Thursday, April 2, 2009

Archie

Animals have a special place in my heart. I will admit to being a ‘cat’ man. I don’t mind dogs but I prefer cats.

As a small child I can remember pulling a piece of string, with a little fold of paper tied to the end, around the dining room table and being chased by our neighbour’s cat ‘Tiger’ (I can still remember his name after all these years!). I seemed to be able to do it for hours. I learned that cats are magnificent ‘time wasters’. They will do anything in their considerable powers to distract one’s attention from the important things.

Be that as it may, I have been the servant of many cats but four, in particular, stand out in my memory. From long ago to the most recent: ‘Lady Grey’ - when I was about nine or ten years old; ‘Early’ (one of three born ‘Early’, ‘Sunday’, ‘Morning’ under my mother’s bed) – in my late teens; then ‘Tanita’ – just after we came to Australia; last but not least was ‘Archie’ – my subject today.

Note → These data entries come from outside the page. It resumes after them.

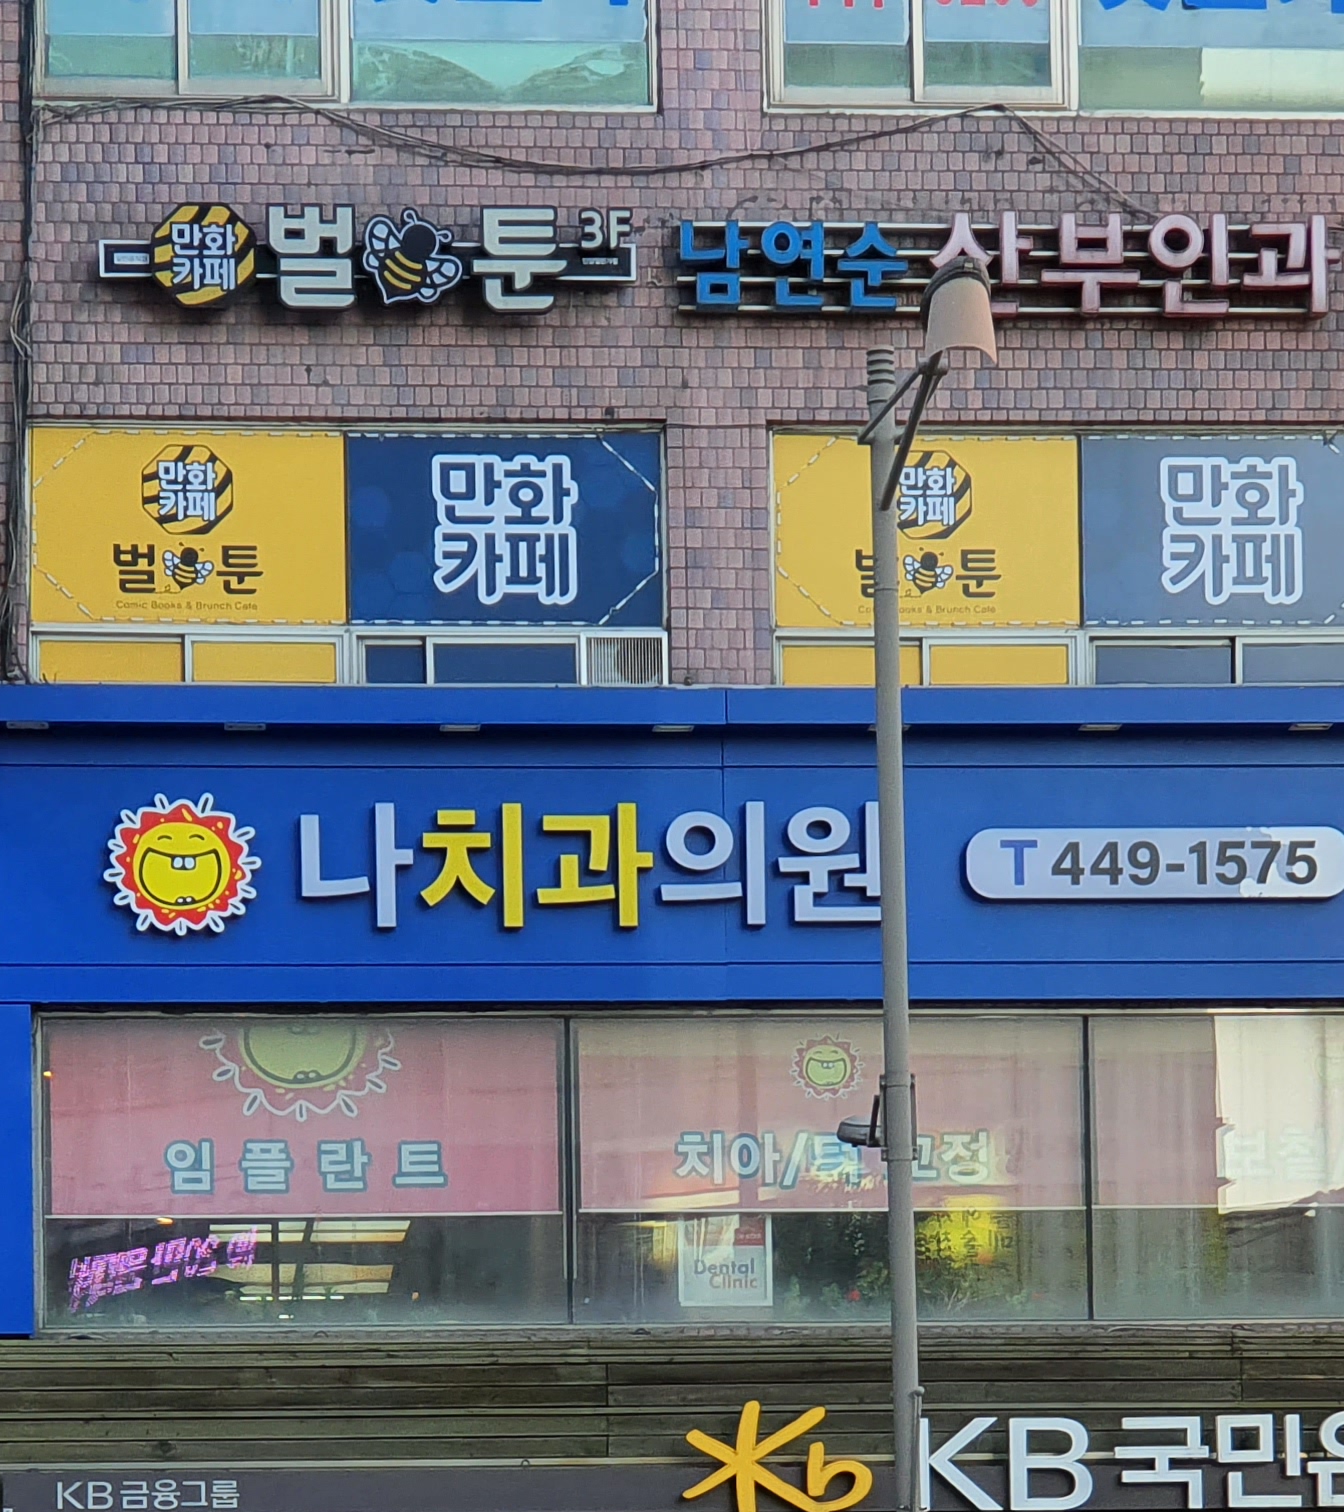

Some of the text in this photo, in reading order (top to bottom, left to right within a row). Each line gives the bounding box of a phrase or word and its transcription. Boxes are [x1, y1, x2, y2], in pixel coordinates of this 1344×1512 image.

[170, 222, 236, 256] 만화
[580, 209, 631, 249] 3F
[170, 255, 238, 292] 카페
[679, 220, 909, 310] 남연순
[157, 460, 216, 490] 만화
[435, 456, 576, 524] 만화
[898, 468, 955, 496] 만화
[1161, 456, 1304, 526] 만화
[158, 490, 216, 521] 카페
[896, 495, 955, 526] 카페
[435, 529, 577, 605] 카페
[1162, 531, 1302, 605] 카페
[300, 801, 882, 928] 나치과의원
[1000, 838, 1318, 888] T 449-1575
[163, 1138, 449, 1195] 임플란트
[693, 1257, 756, 1276] Dental
[709, 1273, 758, 1290] Clinic

Archie was one of a kind. We acquired two long haired tabbies – supposedly a mixture of some moggie and a Norwegian Farm Cat. The male we called Archie and his sister, Bella. Now as I say, Archie was one of a kind. From the beginning he was the most amazingly playful cat and he was the only cat I have ever known to fetch a toy. If he was bored you could hear him scrabbling away in his toy basket (full of corks, ping pong balls and little rattly things) and he would bring you something that he wanted to play with – more often than not it would be a wine bottle cork - carried in his mouth. He loved corks; he could hold them in his mouth and they had a satisfactorily erratic trajectory when thrown or patted with a paw. Archie would play with it for a bit then bring it back, with the expectation that you would oblige by playing with him again.

And talk! I have never known such a talkative cat. He had an amazing vocabulary, from little chirrups of welcome to the usual purring and all sorts of meows, varying in sound and intensity and a ferocious growl when angry. He would also answer when called and come running with his most beautiful plume of a tail held high.

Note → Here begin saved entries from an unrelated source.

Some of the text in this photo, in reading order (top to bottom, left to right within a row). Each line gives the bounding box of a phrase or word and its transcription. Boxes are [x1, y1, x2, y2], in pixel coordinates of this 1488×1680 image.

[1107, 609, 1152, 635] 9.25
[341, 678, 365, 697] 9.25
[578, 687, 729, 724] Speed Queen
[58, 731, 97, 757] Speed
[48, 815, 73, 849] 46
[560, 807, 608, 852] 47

But his most endearing characteristic was when he wanted my full attention. He would actually stop me walking, by entangling himself between my feet. Once I had stopped he would move in front of me and with a special little movement of his head wait expectantly for me to make the next move which was to form a cradle with my arms close to my chest. He would then leap gracefully into my arms, sit in the ‘cradle’ and cuddle up, purring thunderously all the while. If he was feeling really affectionate he would stretch up and rub his head against my chin. Archie would do this to me even though he was more attracted to my wife and was really ‘her’ cat.

Archie was also the gentlest cat I have ever known. He never, ever, used his claws when he was with us. If for some reason he felt himself slipping from my wife’s lap or from my arms, he would just fall then jump up again. He never, ever, dug his claws in to stop himself from falling. If, when playing with him, or teasing him and he became tired of the game or irritated with my teasing, he would either pat my hand with his paw as if to say ‘that’s it – enough’ or he would hold my finger in his teeth for a moment to two, as if to say ‘if I really wanted to I could hurt you with a bite – now stop!’

He completely overshadowed his sister Bella. I use the past tense, because, even though he was a neutered tom cat, he used to travel a bit to neighbours houses and across the road. At that time we had as neighbours, in the block of town houses we live in, a group of girls who were really neighbours from hell. Anyway, one evening Archie did not come home for his dinner. I called and called but he never came.

The next morning I went to look for him and found him across the road neatly laid out in a fruit tray – dead. He was only about three years old – in his prime. Someone obviously felt enough for him to place his little body in the tray, for which I was grateful. We all missed him terribly – he was a little friend, in good times and bad. My wife was inconsolable because he used to keep her company when she rested on our bed after she came back from her dialysis. And his sister Bella seemed lost without him and refused to eat for days, in her grief for her brother. I admit that I felt his death very personally.

I have my suspicions that it was a boyfriend of one of our neighbours from hell, who always drove too quickly up our common driveway, who hit and killed Archie. If it had been someone driving on the road, they would have driven on and left him there – they certainly would not have gone to the trouble of finding a box to put him in.

So there we are. Bella, bless her little furry soul, is still with us – she is about ten years old. She is not so playful and certainly not as affectionate, nor does she talk so much and is rather an introverted little thing. But she is not Archie.